El periodista apuntó, sobre todo, contra el ministro de Justicia y Seguridad, Ricardo Casal, a quien llamó el «alcalde mayor penitenciario». El Gobierno, con la voz de Nilda Garré, viene pujando desde hace semanas para que el gobernador bonaerense eche a Casal, pero Scioli se resiste.

 

De forma indirecta, la ministra de Seguridad de la Nación, Nilda Garré, pidió la cabeza de Casal al afirmar que Scioli no «ejerce el control político» sobre la Policía provincial, y alertó que si se negocia sin tomar «las riendas del problema» se «contribuye a la prostitución y a la corrupción de algunos sectores de las fuerzas».

 

Pocos días después, la represión de Infantería bonaerense a los militantes de La Cámpora en la legislatura provincial introdujo un nuevo actor: Gabriel Mariotto. El hombre de la Rosada para «controlar» a Scioli ordenó serias investigaciones, pero según advirtió Verbitsky en Página 12 «Casal ordenó antes de la asunción que sólo ingresasen las barras del gobernador y, una vez iniciada la refriega, que se empleara la fuerza contra los militantes de La Cámpora».

 

Garré, por su lado, lanzó sus dardo a Casal tras los disturbios con La Cámpora: «El uso de las armas debe ser la última opción».

 

A cuatro años de las elecciones, el kirchnerismo duro marca distancias con Scioli, quien podría ser uno de los candidatos naturales del PJ a la presidencia. Verbitsky, en la columna «Cómo Scioli y Casal negocian con la Policía de la tonfa fácil», dejó más claro qué piensa el Gobierno del gobernador bonaerense.

 

Derechos Humanos. Como si fuera poco, el director de Página 12 también fustigó a Scioli por la confirmación de Sara Derotier de Cobacho -de 80 años- como su secretaria de Derechos Humanos.

 

«Una octogenaria con la voz áspera del tabaco fuerte, que se desplaza en silla de ruedas y tres veces por semana debe someterse a un tratamiento de diálisis.
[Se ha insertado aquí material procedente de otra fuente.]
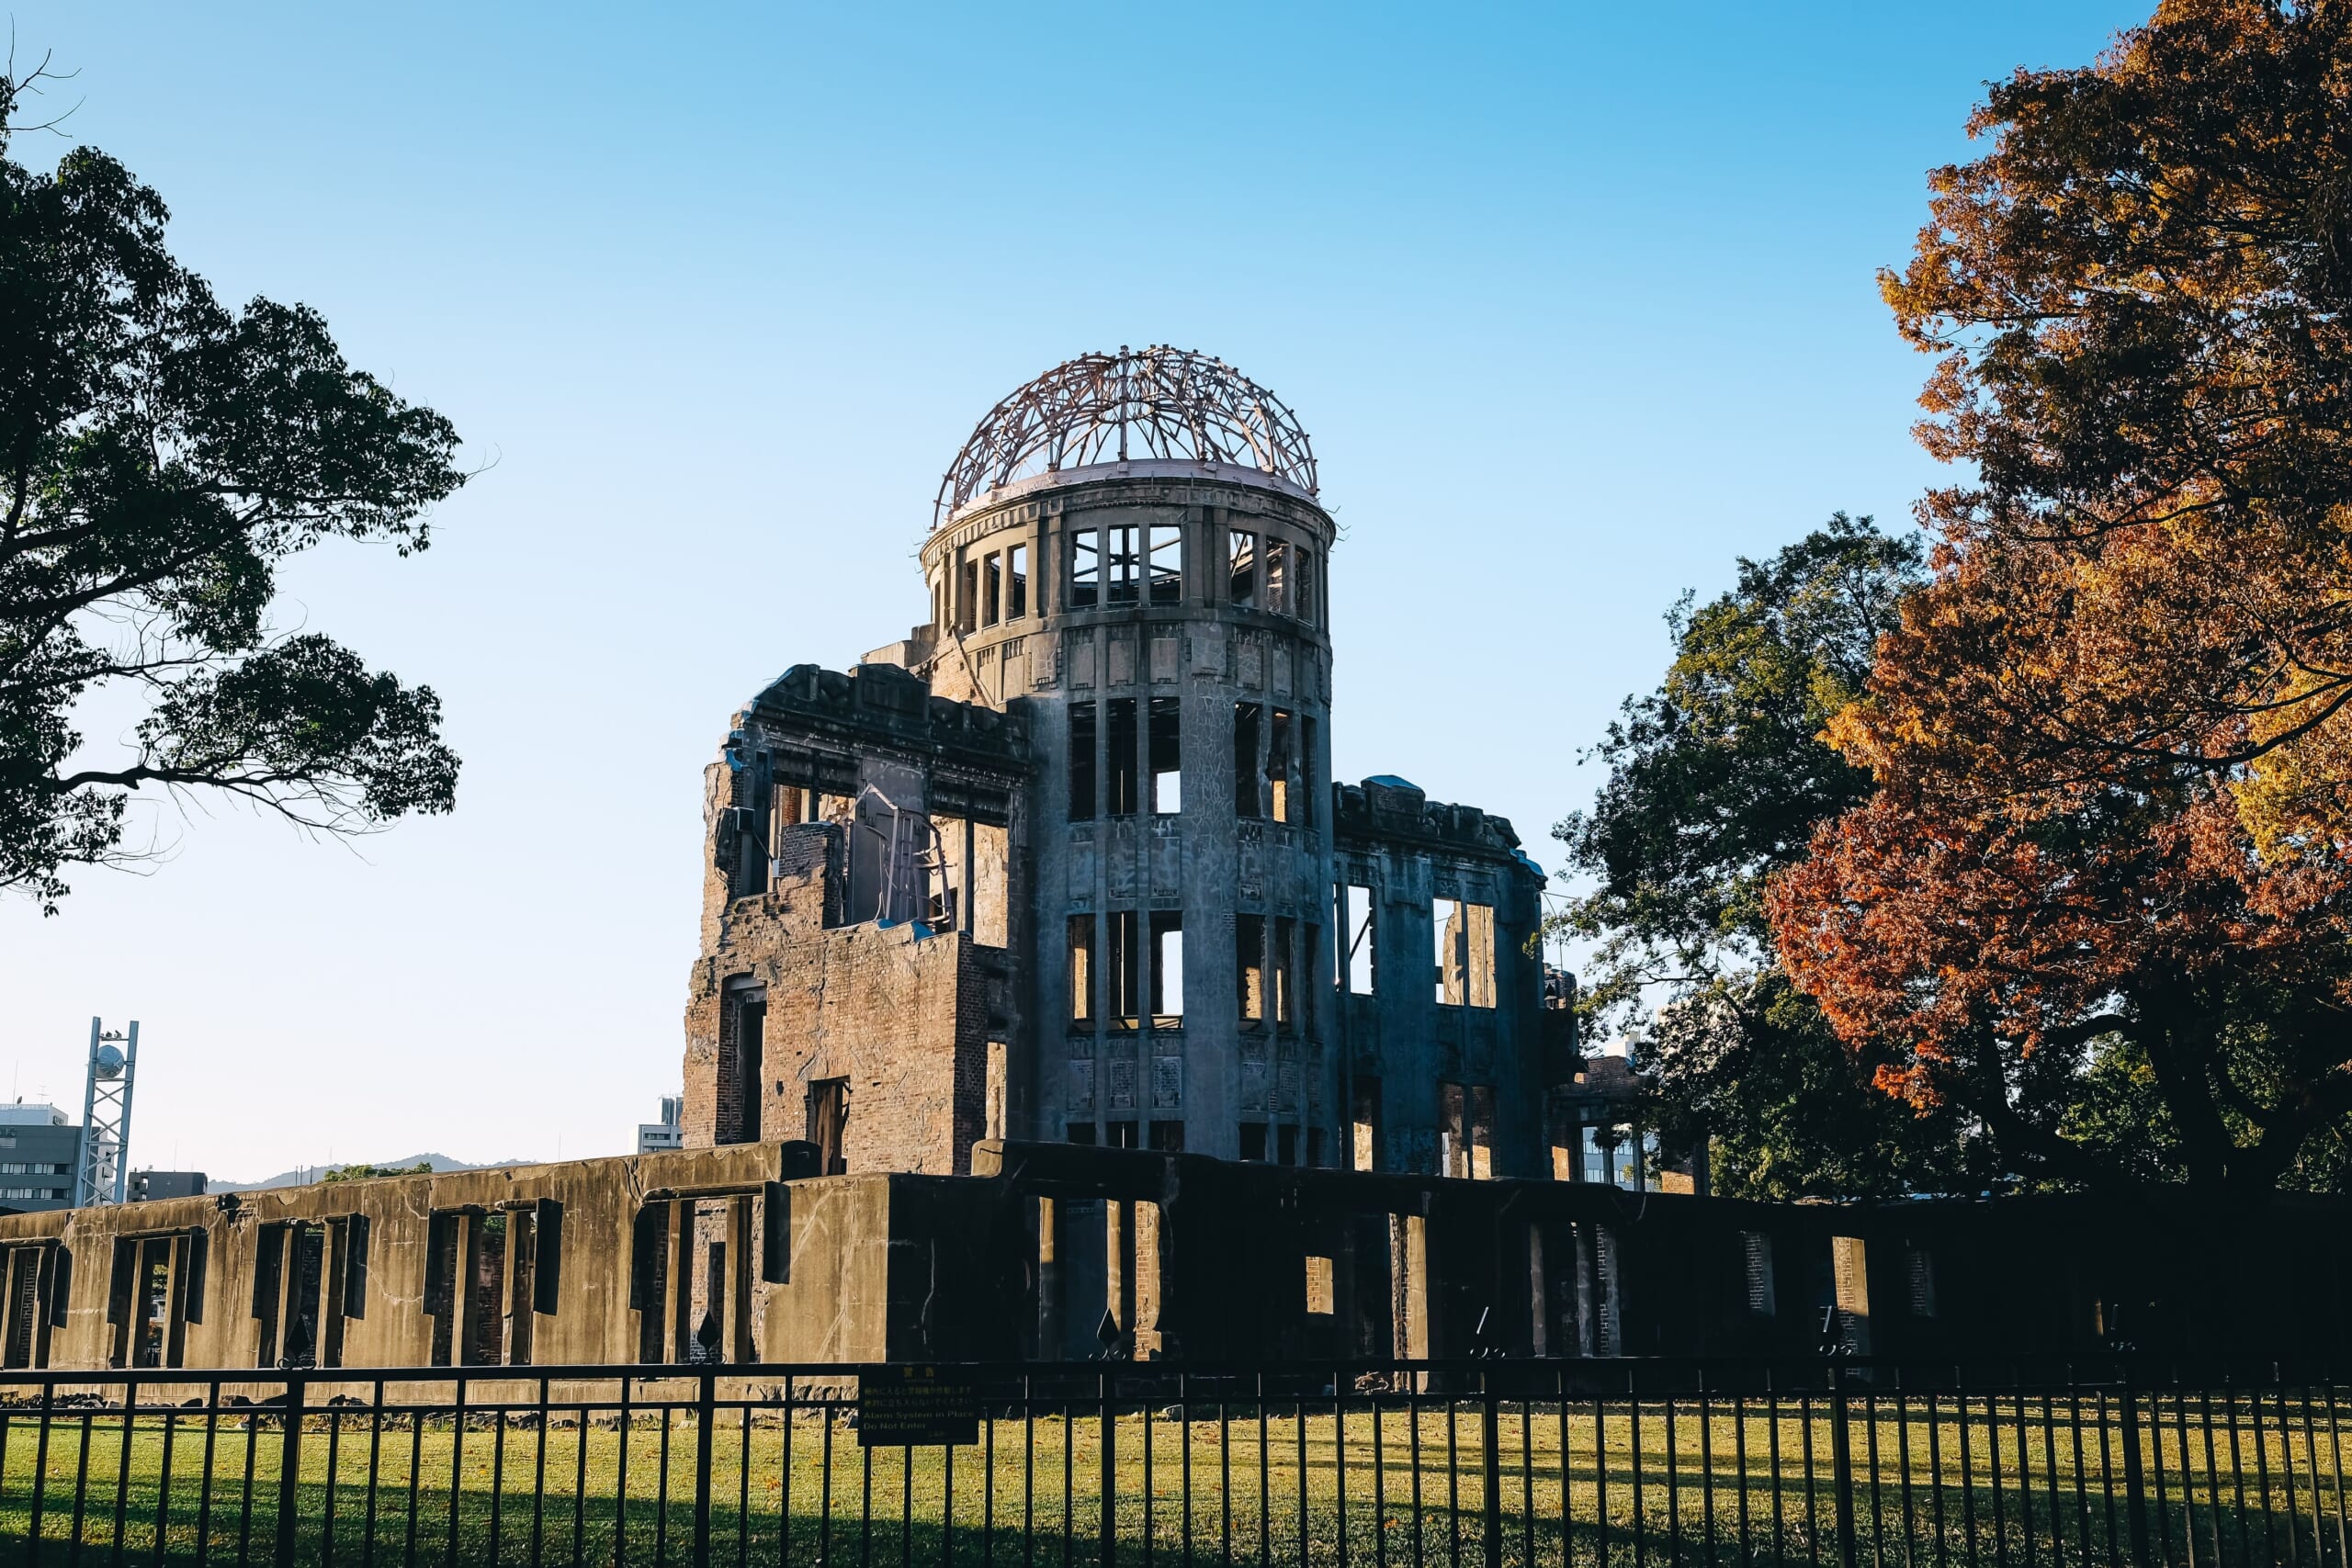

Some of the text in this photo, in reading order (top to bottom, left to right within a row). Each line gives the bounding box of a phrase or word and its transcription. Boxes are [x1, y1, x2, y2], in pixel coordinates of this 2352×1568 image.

[896, 1411, 933, 1420] System
[863, 1422, 877, 1430] Do
[880, 1422, 898, 1430] Not
Luego de reasumir, Scioli anunció que la había confirmado (…) La primera semana de diciembre, el gobernador había ofrecido ese cargo al Movimiento Evita, para que volviera a ocuparlo Edgardo Binstock (…) No hubo explicaciones por el cambio de planes, que equivale a dejar vacante un cargo fundamental, ya que Cobacho ha pasado por varias internaciones y desde principios de año sólo concurre a su oficina en forma excepcional», escribió «El Perro» en su columna dominical.

 

No sólo eso apuntó el periodista: «De la Secretaría se ocupa el marido de su nieta Amanda Danielis, Fernando Cano. Ex senadora provincial, ex funcionaria en Merlo del intendente Raúl Othacehé, desde la Secretaría de Derechos Humanos protegió a los sucesivos gobernadores de toda denuncia por el accionar policial».